I first became aware of this after my encounter with acute Postnatal Psychosis, and the rupture from reality that accompanied it. My experience didn’t fit the binary mould of the common Perinatal Mood Disorders: Perinatal Anxiety (PNA) or Perinatal Depression (PND).

Over time, I discovered that (not all but some) mothers who have experienced PND or PNA, especially if it is mild, carry harsh opinions about those of us who need medication and hospitalisation or who live with other diagnoses.

Some examples:

I once read an account by a woman who was able to resolve her mild PNA by going to a special mother’s group, which, she wrote:

‘Thankfully didn’t have any loonies in it, just normal mums who were struggling a bit.’

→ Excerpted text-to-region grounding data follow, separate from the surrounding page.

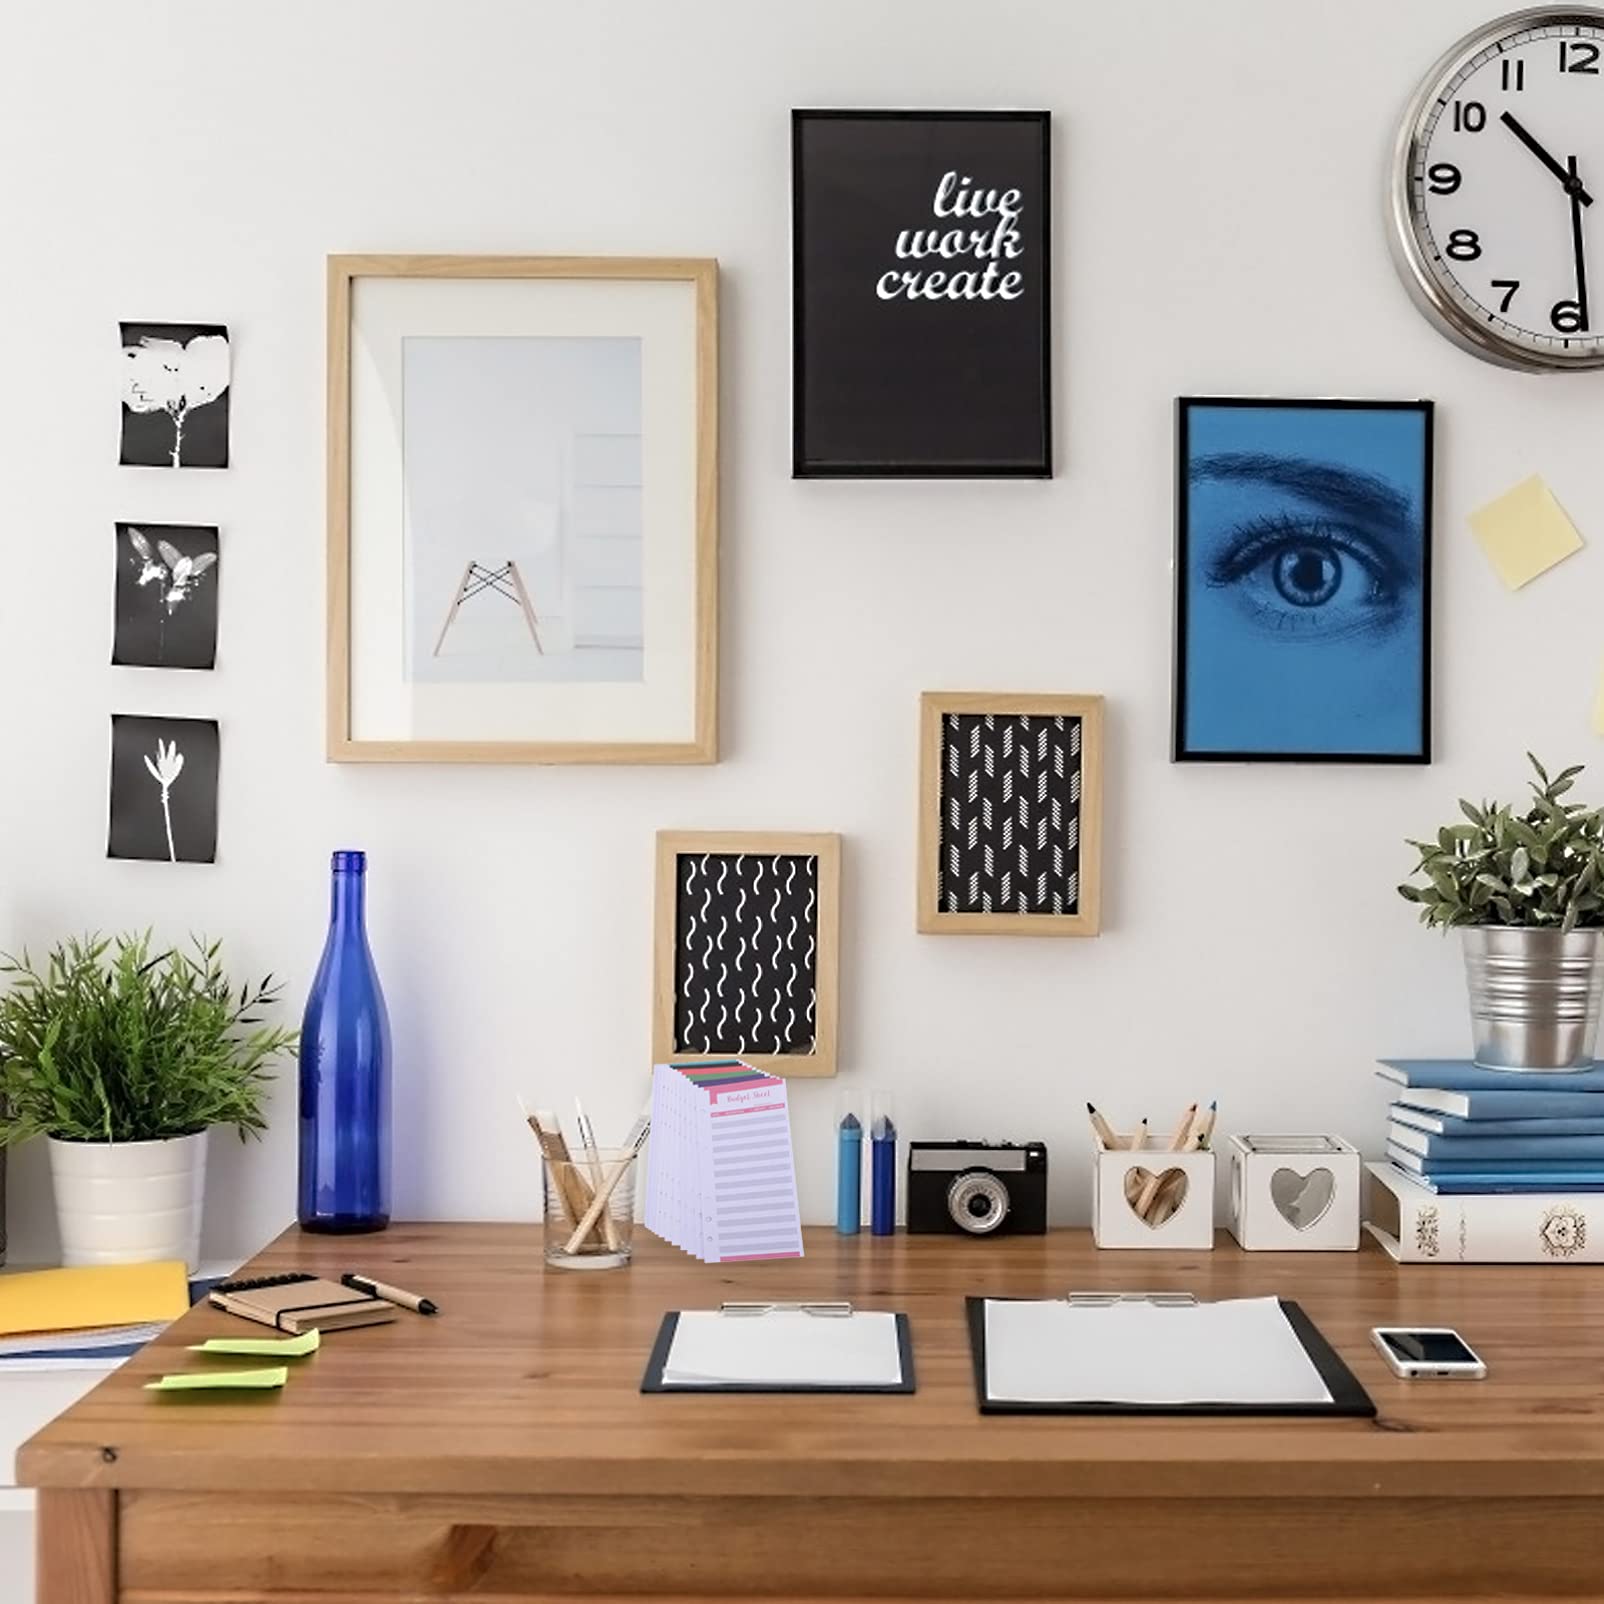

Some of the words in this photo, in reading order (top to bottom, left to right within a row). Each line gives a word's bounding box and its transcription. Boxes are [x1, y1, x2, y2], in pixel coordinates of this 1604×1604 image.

[1559, 41, 1600, 74] 12
[1502, 59, 1524, 91] 11
[1453, 100, 1487, 133] 10
[933, 170, 1024, 218] live
[1428, 163, 1462, 196] 9
[895, 213, 1025, 259] work
[1445, 229, 1482, 262] 8
[876, 261, 1025, 300] create
[1491, 280, 1520, 313] 7
[1550, 300, 1584, 333] 6
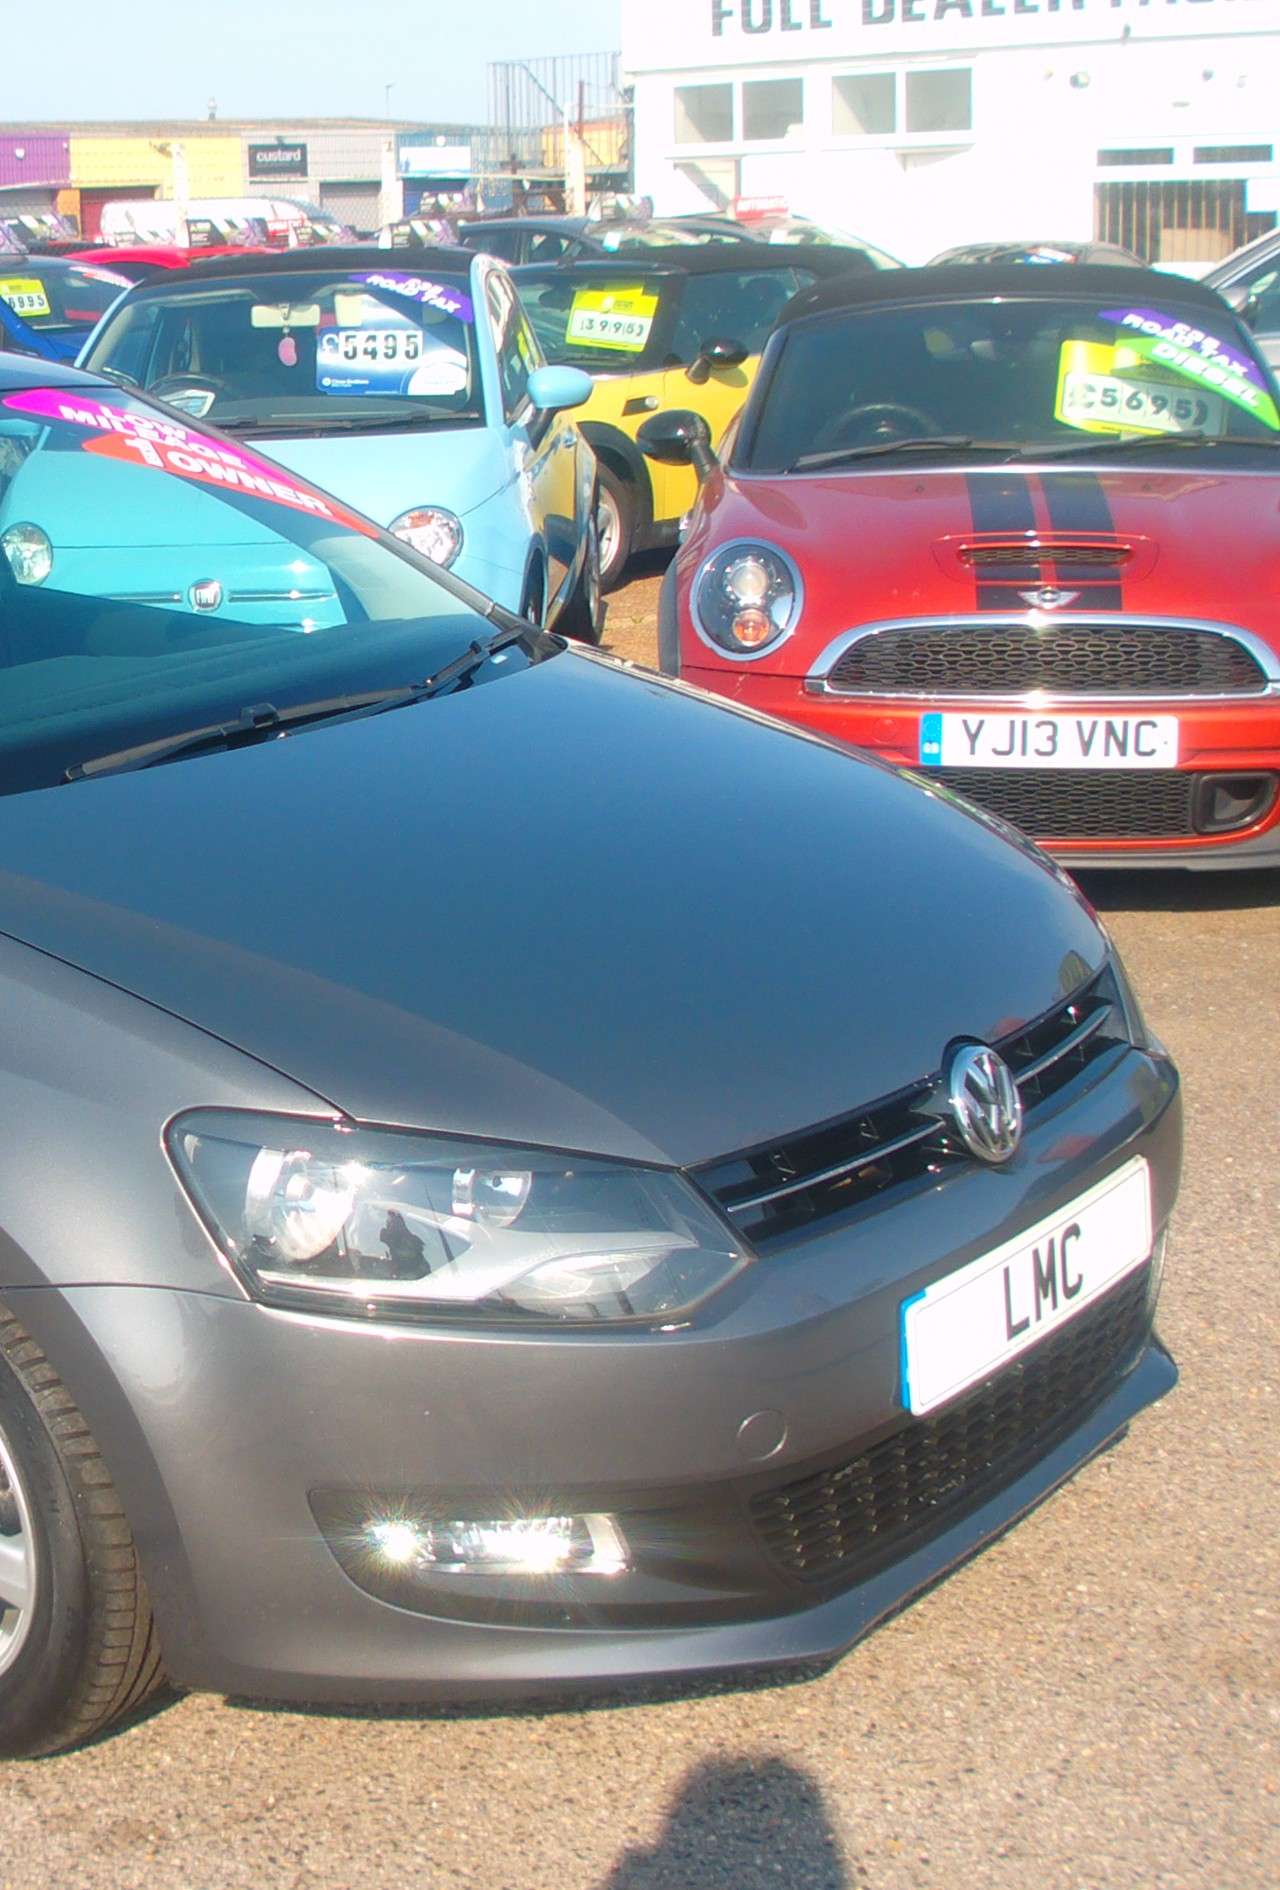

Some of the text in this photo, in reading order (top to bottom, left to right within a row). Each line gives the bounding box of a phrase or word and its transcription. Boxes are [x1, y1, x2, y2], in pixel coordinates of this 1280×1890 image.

[862, 0, 1084, 25] DEA
[256, 147, 302, 162] custard
[59, 404, 248, 470] MILEAGE
[99, 404, 188, 441] LOW
[125, 437, 334, 517] 1 OWNER
[961, 719, 1158, 757] YJ13 VNC
[1003, 1222, 1083, 1342] LMC
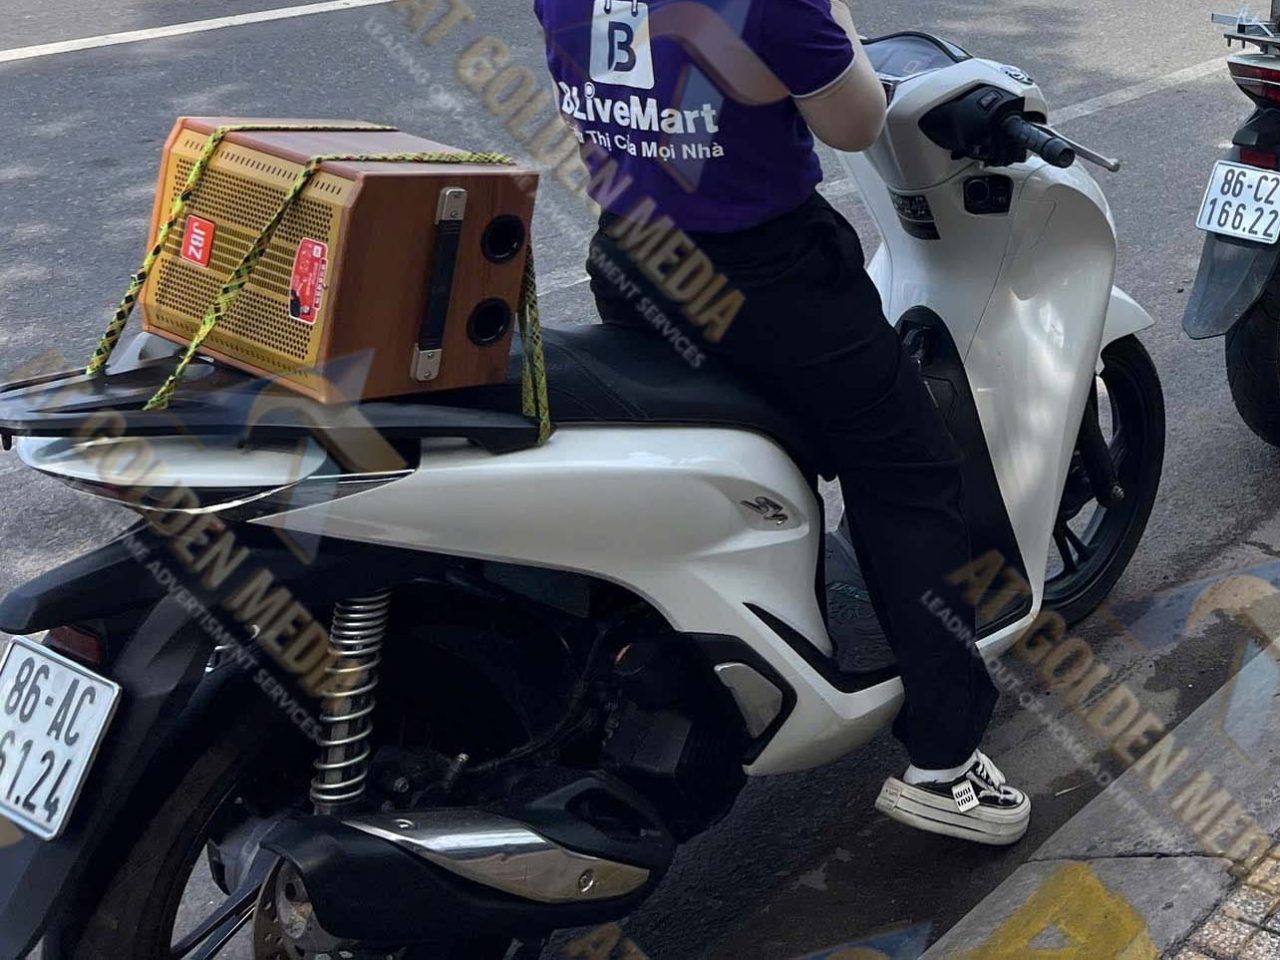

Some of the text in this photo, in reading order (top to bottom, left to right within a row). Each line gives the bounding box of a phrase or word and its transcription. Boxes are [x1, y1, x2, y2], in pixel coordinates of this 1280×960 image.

[608, 21, 636, 72] B
[561, 81, 719, 135] BLiveMart
[589, 129, 613, 151] Thị
[641, 142, 676, 162] Mọi
[682, 141, 725, 160] Nhà
[1220, 168, 1280, 205] 86-C2
[1206, 197, 1279, 238] 166.22
[4, 657, 97, 747] 86-AC

Another time, when I was hospitalised in the Mother Baby Unit of a private psychiatric hospital, I heard a group of mothers cackling in the common room:

‘At least we aren’t like the real crazies in the rest of the hospital.’

This snobbery irritated me at the time. Several years later, I became one of the ‘real crazies’ (patients in the main hospital) and… felt sad for these women who left their experience of mental illness with the same narrow mindset they had entered it with.

That said, most of us start the ride into mental ill health with biases.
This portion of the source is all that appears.